My Journey by Daniel Loney
It’s Friday morning and I meet my fellow Tai Chi practitioners in the park. As we stand silently among the budding rose bushes and almond trees, I struggle to empty my mind. I feel nervous. Will I be able to get through the form? Will the others notice my trembling hands? Will I lose my balance while doing the kicks?
My Tai Chi instructor, Arieh Breslow, slowly takes a deep breath, exhales and sinks into his right leg. We all begin to follow as he starts the form. I take a deep breath of the cool Jerusalem air and exhale as I sink, telling myself to relax, relax. As I progress through the form, I begin to gain confidence in my body. Breathing deeply, sinking, flowing, relaxing, releasing tension, I realize that I can still do this. I feel good. I feel wonderful.
Starting the form was not always filled with such trepidation. There was a time when I felt completely confident. But, Parkinson’s disease has changed that. I had my first symptoms of Parkinson’s at the age of 49. My left shoulder wasn’t moving easily during warm-up exercises and my left hand wasn’t always in the correct position when doing the Tai Chi form. At first, I shrugged it off as stiffness. A year later I developed a small tremor in my left hand and my arm didn’t swing properly when I walked. It was then that I decided to see a neurologist – I was diagnosed with Parkinson’s disease.
I knew that if I wanted to maintain a high quality of life, I would need to develop a program for coping with this disease. My doctor prescribed a cocktail of medications for reducing my symptoms, with a myriad of side effects. This prompted me to investigate alternative approaches that would allow me to function as normally as possible. My medical journey led me into Chinese herbal medicine and Ayurvedic treatments from a doctor in India, pressure-point massage and acupuncture from a Tibetan monk, and Yoga lessons.
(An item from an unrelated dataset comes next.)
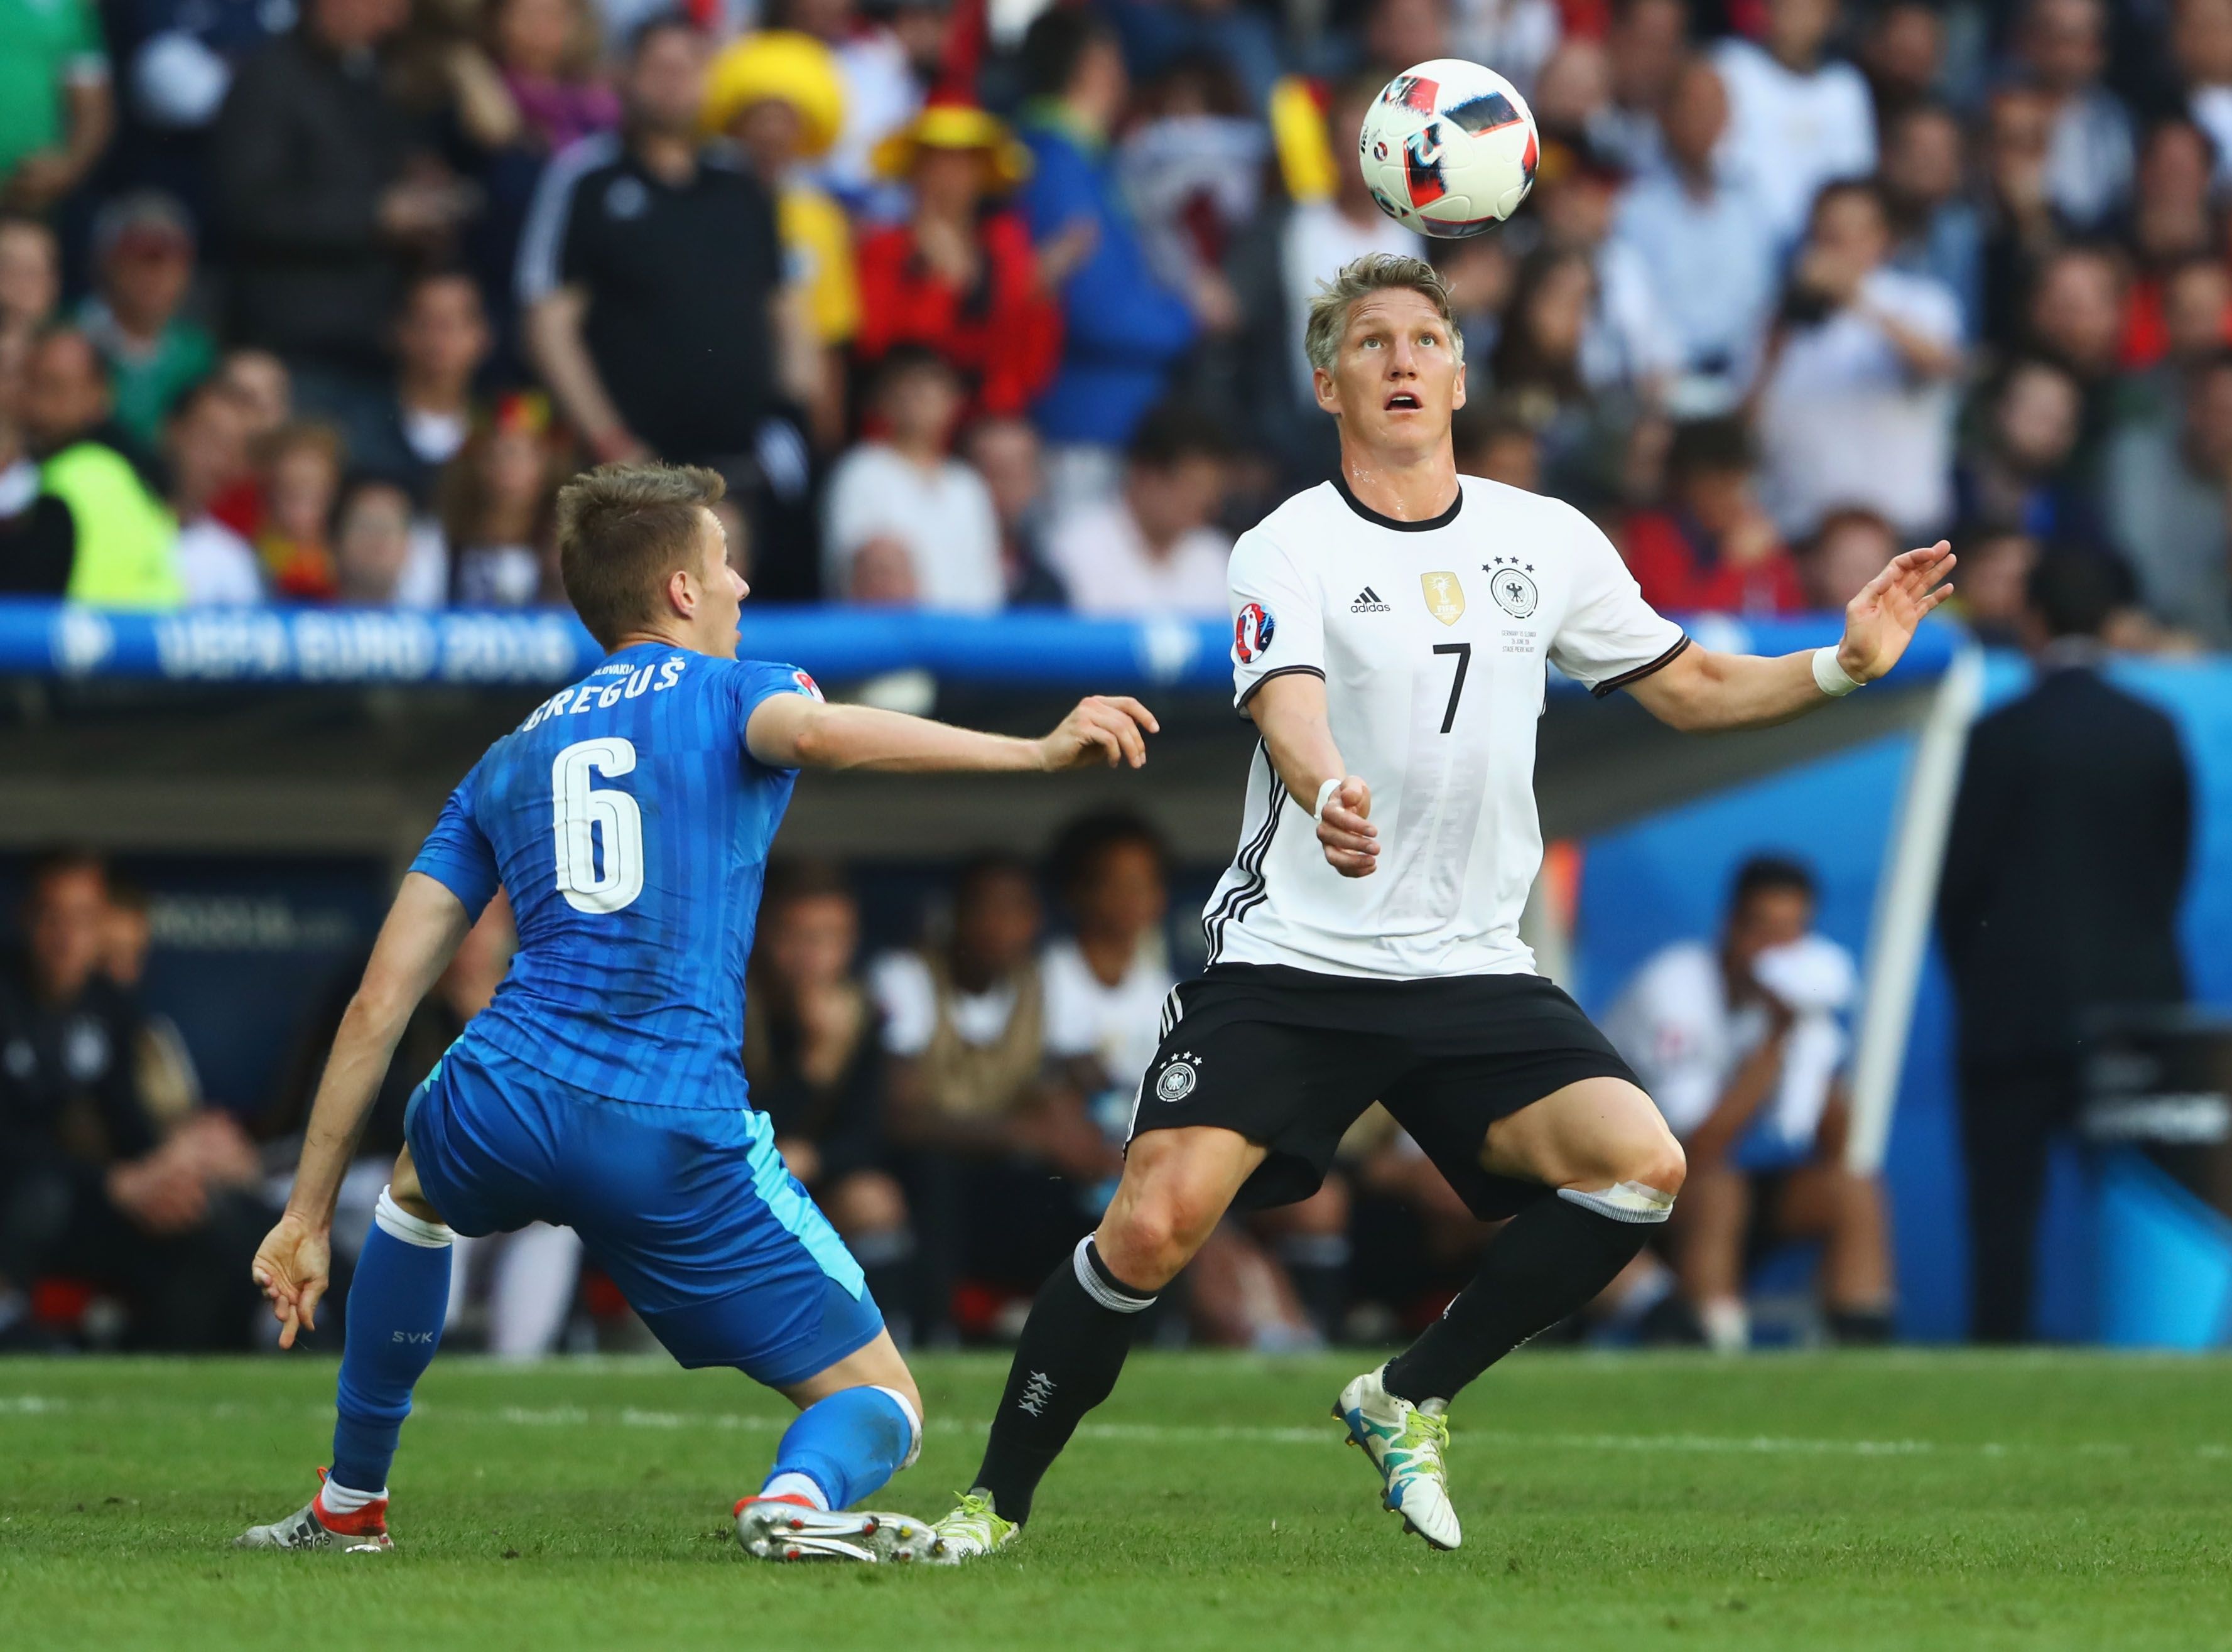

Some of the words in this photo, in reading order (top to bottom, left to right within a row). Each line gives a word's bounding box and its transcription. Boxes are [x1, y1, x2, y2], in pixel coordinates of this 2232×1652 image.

Although these treatments gave me some relief, I felt that none of them could match the combination of proper medication and Tai Chi.
Today, my personal program is based on three pillars: medication, exercise (with Tai Chi as the basis), and a low-fat vegetarian diet high in antioxidants to protect and boost my remaining brain cells. The program is by no means static – I constantly adjust it to my changing medical condition. Over time, I’ve noticed the accumulative effects of my health regimen. A good Tai Chi workout seems to be as effective for me as taking a pill and the results of a session last for hours.
Tai Chi is an internal martial art form that uses the mind to control the movements of the body. It helps you become aware of your body and the integration of each part with the whole. Visual imagery is used to help in this mind–body connection and to aid in movement and coordination. The slow, deliberate movements of the Tai Chi form can directly address many of the major Parkinson’s symptoms. For example:
· Preventing falls and developing flexibility – The constant sinking, turning, and shifting of weight in the Tai Chi form gives a tremendous workout to the legs and lower body. The constant transition from move to move stretches the hip and groin area strengthening the muscles and joints. Each stance ends with roots sunk deep into the ground, while remaining flexible like a tree in the wind.
· Balance – In Tai Chi, proper alignment of the body is obtained by tucking in the chin, raising the back of the neck slightly, and elongating the spine as if it is suspended from the top of the head like a string of pearls. This “string” imagery relieves the stress on the back muscles, relaxes the shoulders and improves posture and balance.
· Rigidity and freezing – It is not unusual for Parkinson’s people to experience rigidity or to suddenly become frozen when walking. Concentrating on flowing like a river in the form produces beautiful even movements that are thrilling to experience.
Through Tai Chi, I get a sense of accomplishment and well being, knowing that I can still function relatively well and, in some cases better, than a person with no physical limitations. It has given me an acute awareness of my body, which parts are not aligned and how to bring them back into the whole of the body so that it functions as one unit. Tai Chi has helped me to cope with Parkinson’s and has heightened my enjoyment of life.
About the Author: Daniel Loney, a certified Tai Chi instructor, has been doing Tai Chi for over twenty years. He was diagnosed with Parkinson’s disease when he was 49. After several years of physical deterioration, he was forced to retire from his job as a computer science engineer and curtail his passion for Tai Chi.
During this time, Daniel treated his Parkinson’s symptoms using western medicine and various alternative techniques. After having only limited success in relieving his symptoms, he finally decided to take full responsibility for his health and immersed himself in Tai Chi. As a result, Tai Chi has brought Daniel sustained relief from his Parkinson’s symptoms.